Control Arm: Identical induction phase, followed by maintenance phase with orally administered azathioprine. The dosing was 2 mg/kg/day for the first 24 months, then reduced by 50% and stopped by month 27. Patients who were intolerant to azathioprine, would receive methotrexate (max dose of 25mg/week) if the eGFR was >50mL/min or mycophenolate mofetil 2g/day, if the eGFR was ≤50mL/min.

Concomitant Therapy with Glucocorticoids: (applicable to both study arms)

Induction phase: Patients were permitted to receive a maximum cumulative dose of 3000 mg IV methylprednisolone in the 2 weeks prior or 1 week after enrollment. Similarly, they could get oral treatment in the form of prednisone, either high dose (initial dose 1 mg/kg/day) or low dose (initial dose 0.5 mg/kg/day) based on physician discretion. 

Maintenance phase: While oral prednisone up to 10 mg/day was a requirement at time of randomization at 4 months, this dose was tapered down to 5 mg/day by month 6 and continued at this dose until month 16. Afterwards it was reduced to 2.5 mg/day and completely stopped by month 20. 

Treatment of relapse: While time to relapse was the primary endpoint, patients experiencing their first minor relapse before month 24 would remain on their randomized treatment, and were treated with oral corticosteroids (up to 20 mg/day of prednisone) for a week and then tapered.

Figure: Treatment schedules taken from slideshow at Gold Plenary session ASN 2019 delivered by Dr Rona Smith.

Outcome Measures

Primary Outcome: Time to disease relapse (either minor or major based on BVAS/WG) reported by month 24. Relapses were reviewed by a blinded adjudication committee. 

Secondary Outcomes:

  • Time to a major or second minor relapse.

  • Proportion of patients who maintained remission at 24 and 48 months.

  • Health-related quality of life, as measured using a 36-item short form health survey. 

  • Severe adverse event rates and infections that required treatment with antibiotics. 

Statistical analysis

Enrolment of patients continued until 160 patients were reached. The sample size was calculated based on the need to achieve a hazard ratio of 0.42, and a power of 90%. 

Funding

RITAZAREM was funded by grants from Arthritis Research UK and Roche/Genentech.
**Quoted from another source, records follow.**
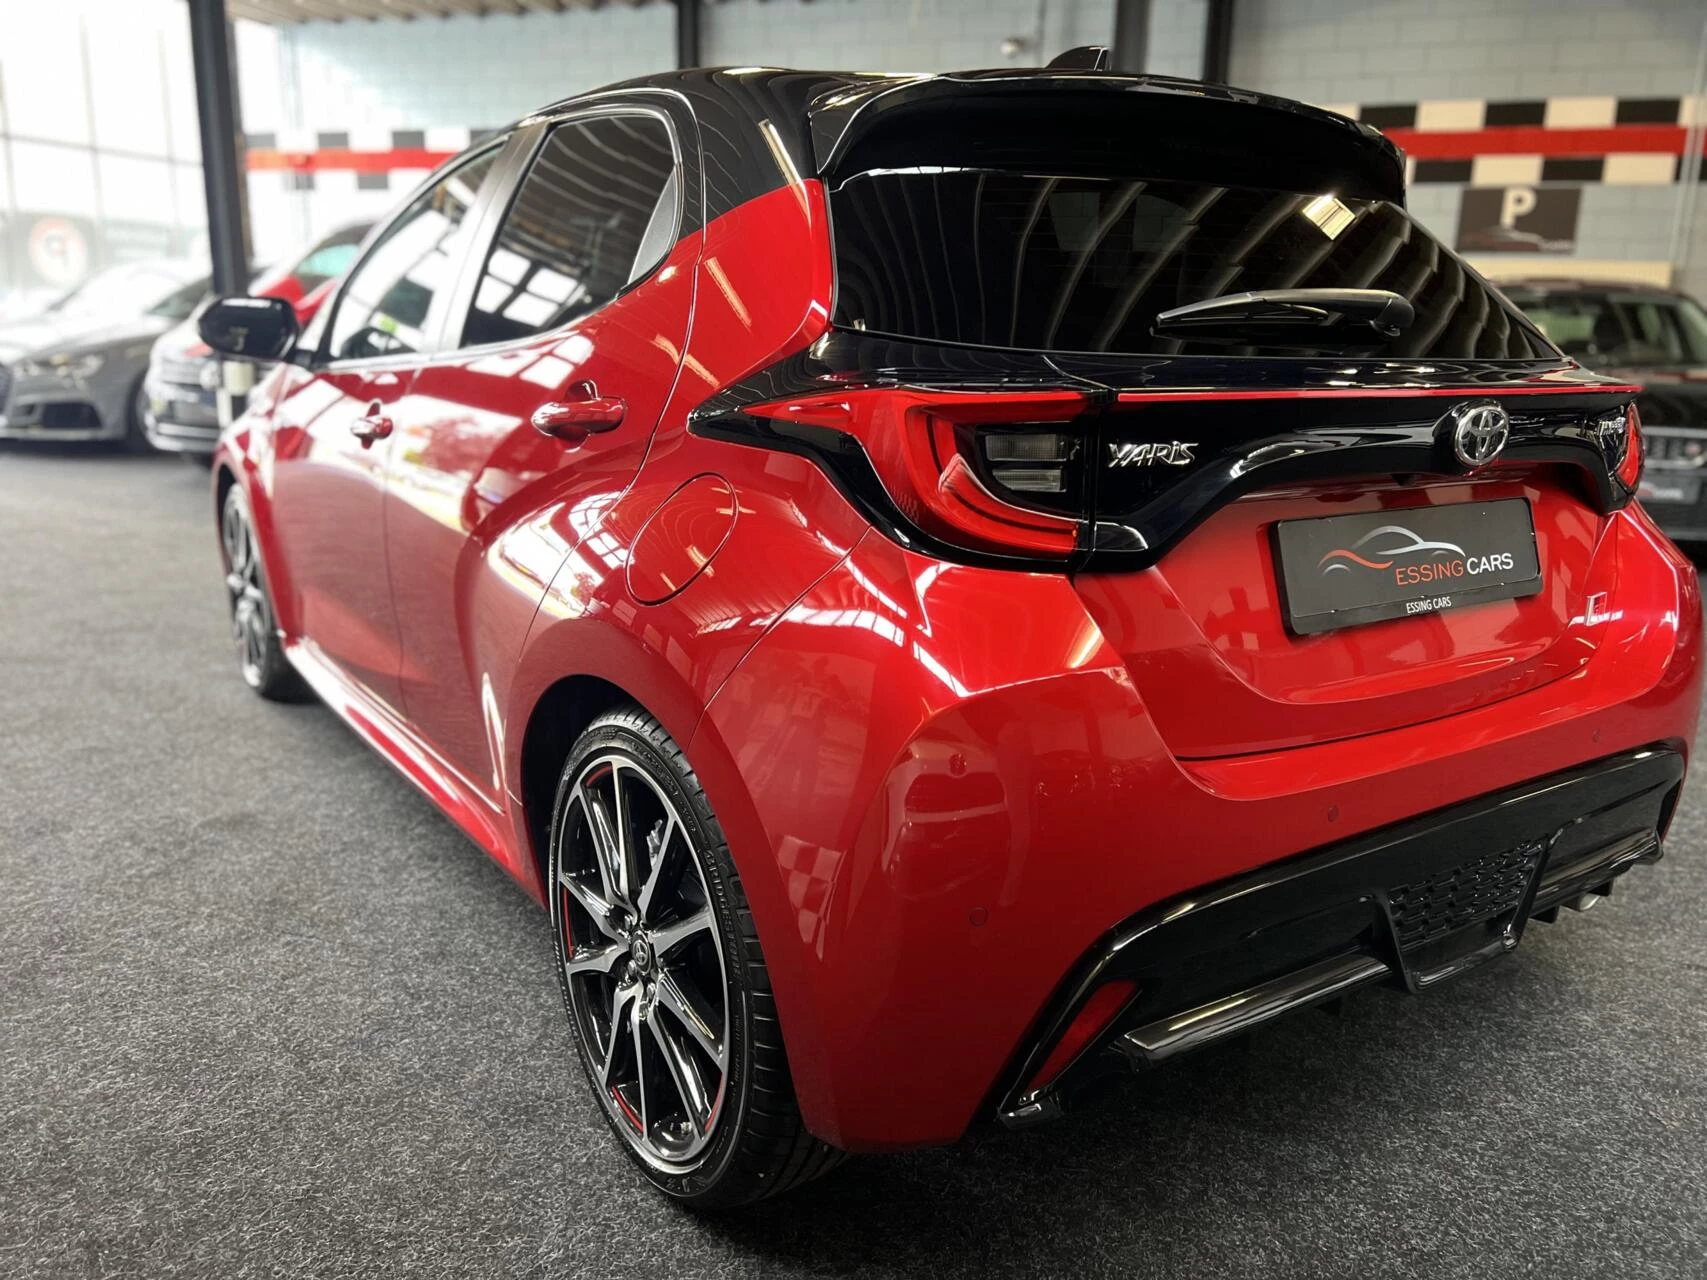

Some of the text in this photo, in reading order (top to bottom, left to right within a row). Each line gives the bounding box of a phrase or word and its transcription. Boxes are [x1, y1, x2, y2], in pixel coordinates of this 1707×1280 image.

[1502, 187, 1537, 229] P
[1108, 441, 1199, 467] YARIS
[1396, 553, 1514, 585] ESSING CARS
[1406, 596, 1452, 613] ESSING CARS
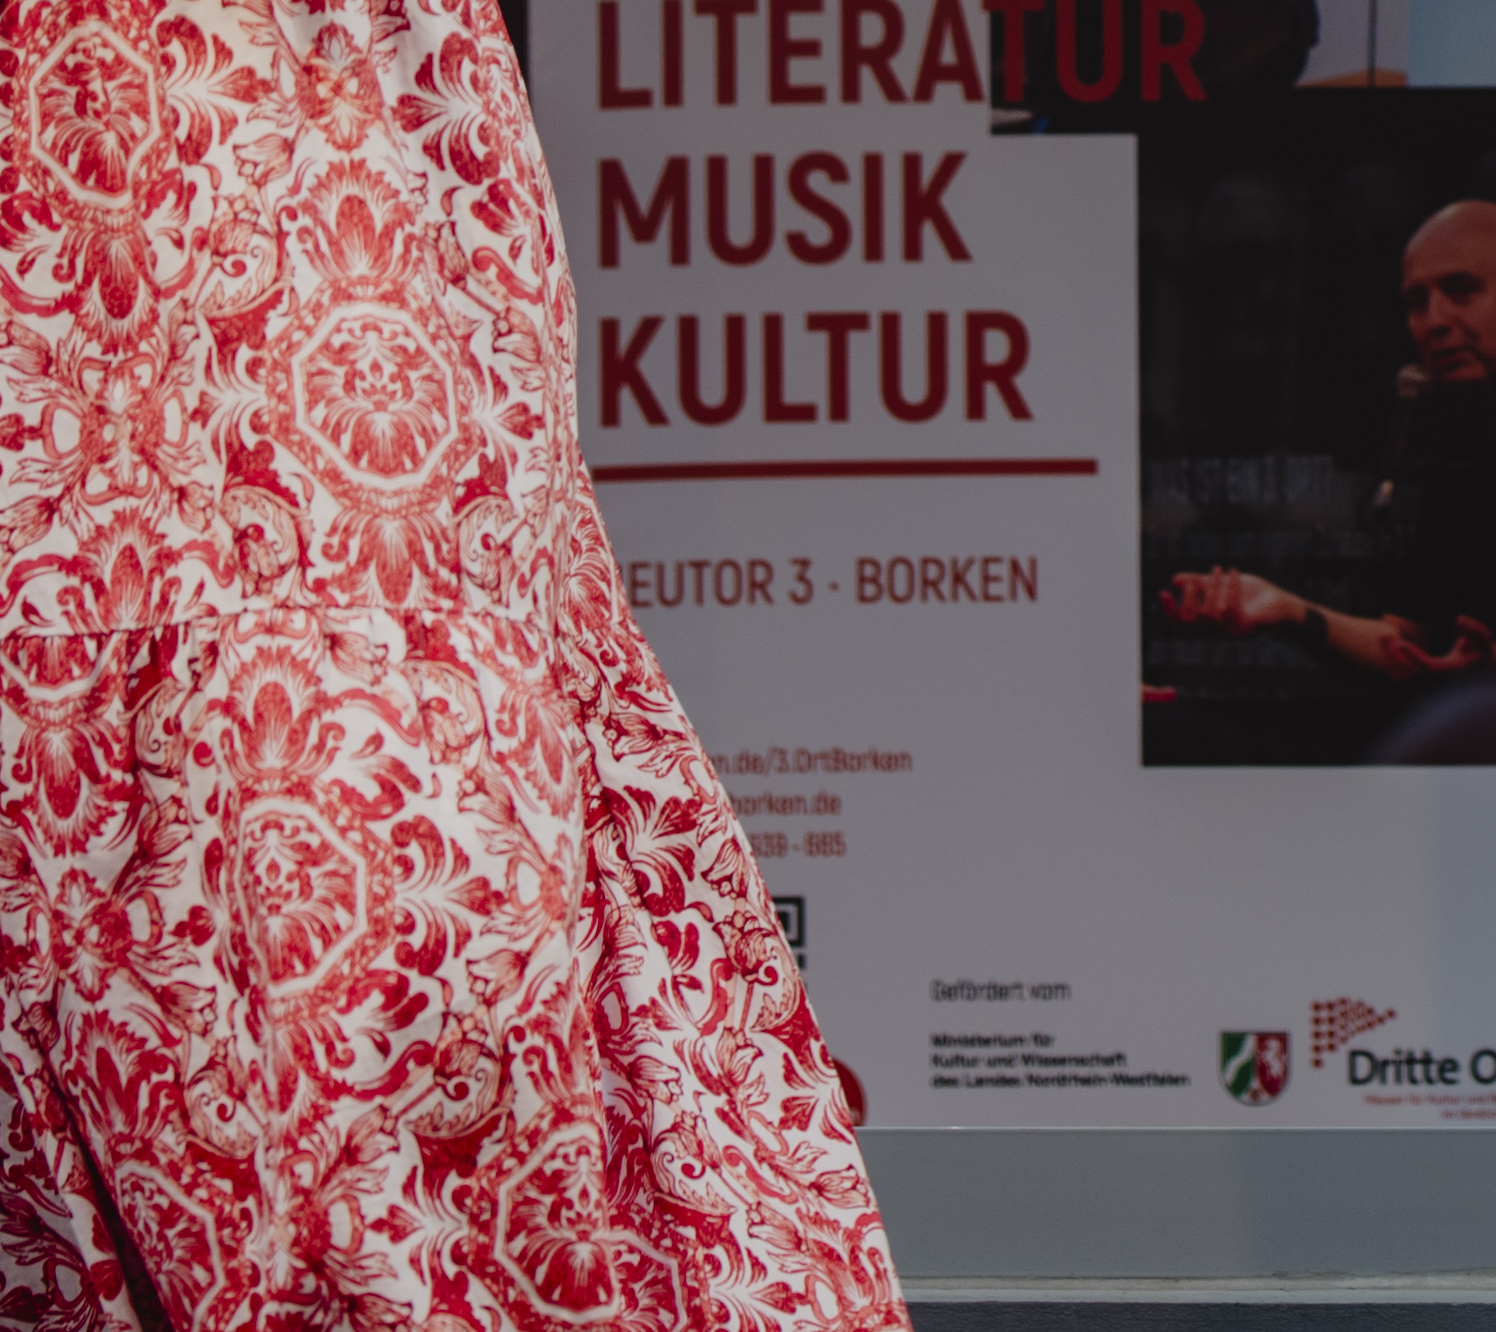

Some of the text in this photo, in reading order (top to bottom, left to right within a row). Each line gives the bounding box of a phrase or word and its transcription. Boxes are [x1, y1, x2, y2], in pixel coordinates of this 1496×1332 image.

The primary sponsor was Cambridge University Hospitals NHS Foundation Trust UK. 

Results

There were 188 patients were enrolled and 187 received rituximab and glucocorticoid induction.  At four months only 6 were not eligible for randomization due to not being in remission, leaving 170 patients that underwent randomization (85 patients placed in each study arm). 

Figure 1. CONSORT diagram, Smith et al, Ann Rheum Dis 2023

Median age of the patients was 58 years, 91% were white, and 49% were male.  Seventy-two percent of enrolled patients were PR3-ANCA positive, and 62 percent of patients had at least one major disease activity item. The high-dose glucocorticoid regimen was received by 28% of patients.  Not included in table 1, but presented in the induction paper (Smith et al, ARD, 2020), at the time of relapse ⅓ of study patients were already on oral immunosuppression including 19% of the initial 188 patients were on azathioprine. 
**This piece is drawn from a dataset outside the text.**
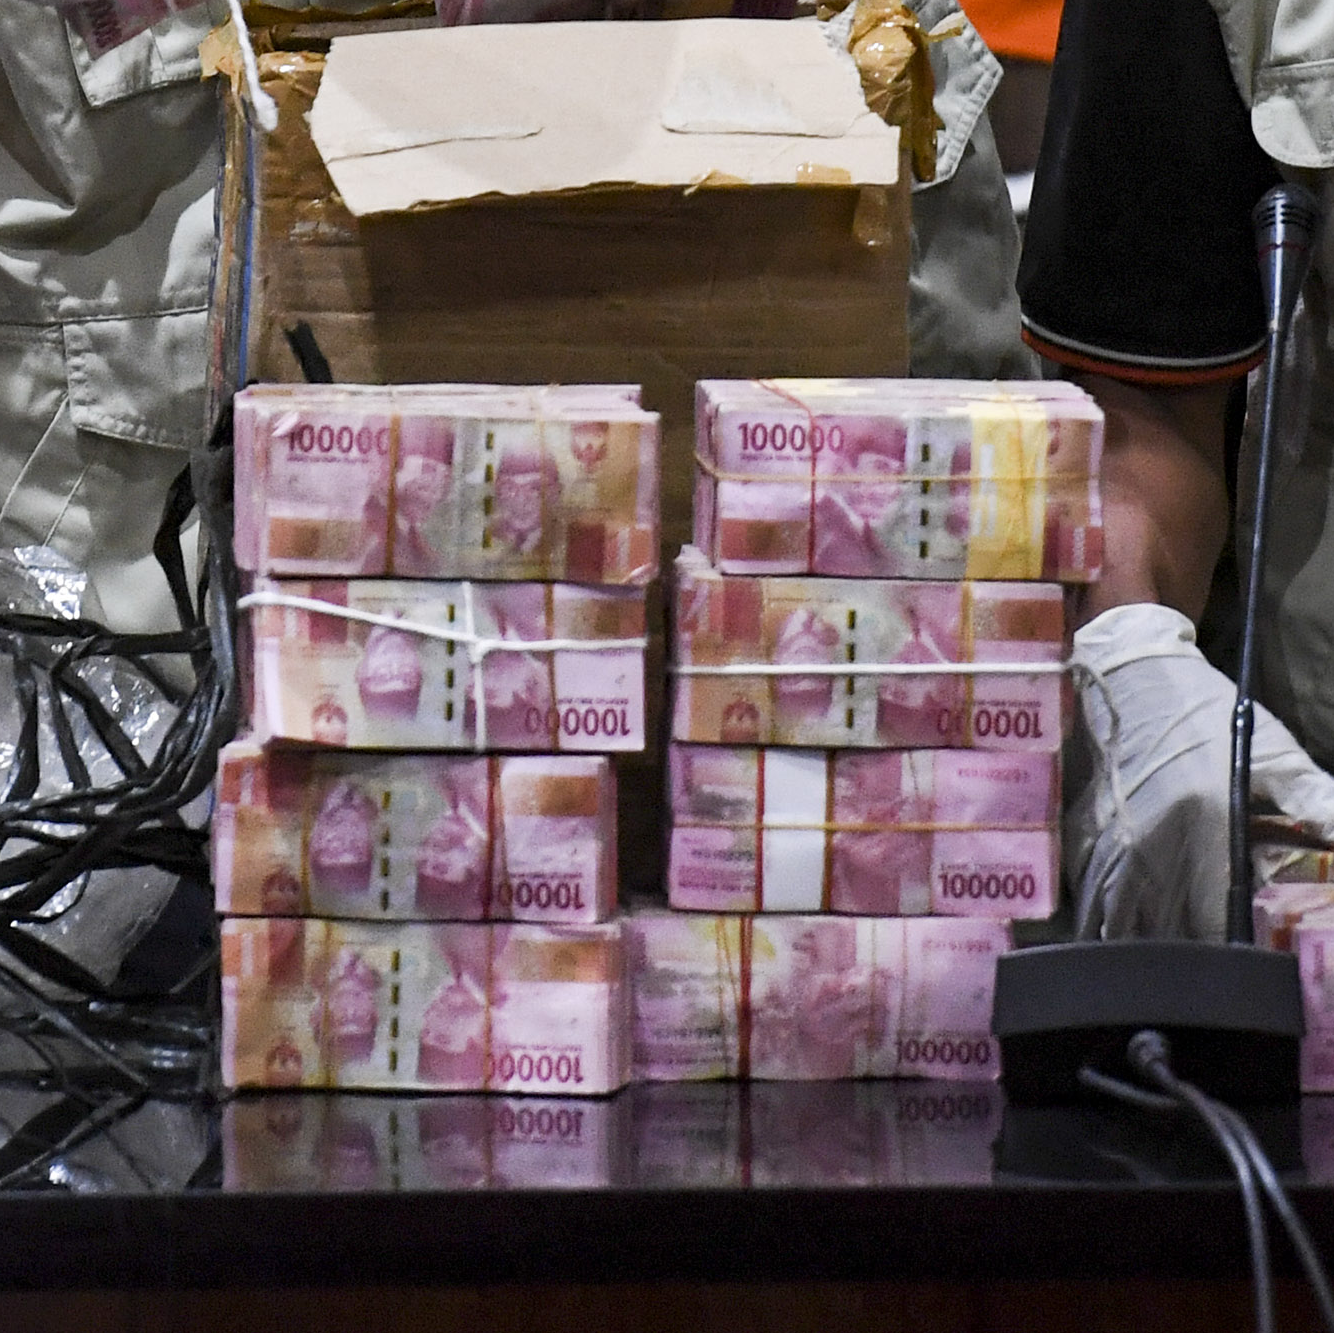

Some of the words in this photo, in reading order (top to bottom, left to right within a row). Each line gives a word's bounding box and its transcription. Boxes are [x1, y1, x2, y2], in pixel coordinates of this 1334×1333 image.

[737, 421, 844, 453] 100000
[936, 707, 1044, 739] 10000
[937, 871, 1036, 900] 100000
Table 1, Baseline demographics of patients. From Smith et al, Ann Rheum Dis 2023

Primary Outcome

Through the combined maintenance and follow-up phases, rituximab was superior to azathioprine for the prevention of major or minor relapses (p < 0.001). The hazard ratio was 0.35 (95% CI 0.18-0.66, p=0.001) during the maintenance period and 0.45 (95% CI 0.26-0.78, p=0.004) during the follow up period.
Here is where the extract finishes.